Personal information
- Full name: Blair David Sturrock
- Date of birth: 25 August 1981 (age 45)
- Place of birth: Dundee, Scotland
- Height: 6 ft 0 in (1.83 m)
- Position: Forward

Youth career
- 1998–2001: Dundee United

Senior career*
- Years: Team / Apps / (Gls)
- 1998–2001: Dundee United / 0 / (0)
- 2000–2001: → Brechin City (loan) / 27 / (6)
- 2001–2004: Plymouth Argyle / 63 / (2)
- 2004–2005: Kidderminster Harriers / 22 / (6)
- 2005–2006: Rochdale / 31 / (6)
- 2006–2009: Swindon Town / 50 / (6)
- 2008: → AFC Bournemouth (loan) / 4 / (0)
- 2009: → Torquay United (loan) / 9 / (2)
- 2009–2010: Mansfield Town / 24 / (3)
- 2010–2012: Southend United / 52 / (6)
- 2012–2013: Bishop's Stortford / 12 / (3)
- 2013: Basildon United / 5 / (12)
- 2013–2018: Victoria Highlanders / 49 / (10)
- 2024-Present: Cowichan 49ers Masters A / 2 / (1)
- Total:  / 350 / (63)

= Blair Sturrock =

Scottish footballer

Blair David Sturrock (born 25 August 1981) is a Scottish former professional footballer who played as a forward. His previous clubs include Dundee United, Brechin City, Plymouth Argyle, Kidderminster Harriers, Rochdale, Swindon Town, AFC Bournemouth, Torquay United, Mansfield Town, Southend United. His father, Paul Sturrock, a former player who was a Scotland international was also the Manager of Southend United signing Blair and then ultimately releasing him.

==Career==

===Dundee United===
Sturrock started off as a trainee for Dundee United before briefly going on loan to Brechin City in the 2000–01 season.

===Plymouth Argyle===
He then moved to Plymouth for three years and made 64 appearances for the club during the years 2001–2004, but mostly as a substitute. He scored two goals in his time at Plymouth.
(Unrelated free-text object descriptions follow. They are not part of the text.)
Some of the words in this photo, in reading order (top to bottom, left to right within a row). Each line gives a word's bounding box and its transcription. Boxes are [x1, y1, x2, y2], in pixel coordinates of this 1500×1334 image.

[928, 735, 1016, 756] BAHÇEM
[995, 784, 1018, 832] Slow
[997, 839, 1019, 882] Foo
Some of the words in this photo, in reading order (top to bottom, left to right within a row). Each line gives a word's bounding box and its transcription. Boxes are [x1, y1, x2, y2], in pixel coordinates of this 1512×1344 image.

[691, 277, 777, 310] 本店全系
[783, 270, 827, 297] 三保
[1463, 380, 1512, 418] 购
===Kidderminster Harriers===
He then moved to Kidderminster Harriers in 2004 where he spent nine months, playing 22 games and scoring five goals.

===Rochdale===
Nine months after signing for Kidderminster he signed for Rochdale for the 2005–06 season where he made 33 appearances, scoring six goals in 15 starts for the club. He later got a knee injury that ended his spell at the club and was released. After being released by Rochdale, Sturrock had a short trial with Wrexham in July.

===Swindon Town===
In November 2006, Sturrock signed for Swindon Town the club his father was the manager of. Having overcome a groin injury, he made 25 appearances for the Wiltshire club in his first season scoring five goals, with 12 starts. Sturrock made his debut as a second-half substitute in a 2–1 defeat at Macclesfield Town on 23 December, his first goal coming in mid-January, when he netted within seconds of coming on to wrap up a 3–1 win at Boston. He then later signed a contract extension to take him through to the end of the 2008–09 season. He was released by Swindon in May 2009.

===Mansfield Town===
On 1 September 2009, Blair signed for Conference National outfit Mansfield Town after leaving Torquay United, signing on the first transfer deadline day of the 2009–10 football season. He made his debut as a substitute in the 1–1 draw with Grays Athletic on 5 September 2009.

===Southend United===
Sturrock signed for Southend United during the summer of 2010, the fourth time he has signed for a club managed by his father, Paul Sturrock. On 7 August, he made his debut, coming off the bench to score the equaliser in the fifth minute of injury time against Stockport County, in the 1–1 draw. On 25 September, Sturrock scored in a 3–1 win over Hereford United, and again in Southend's 1–0 win over Rotherham on 30 October. Sturrock scored a consolation goal in Southend's 3–1 defeat against Burton Albion. On 31 June 2011, Sturrock extended his contract with Southend until the end of the 2011–12 season.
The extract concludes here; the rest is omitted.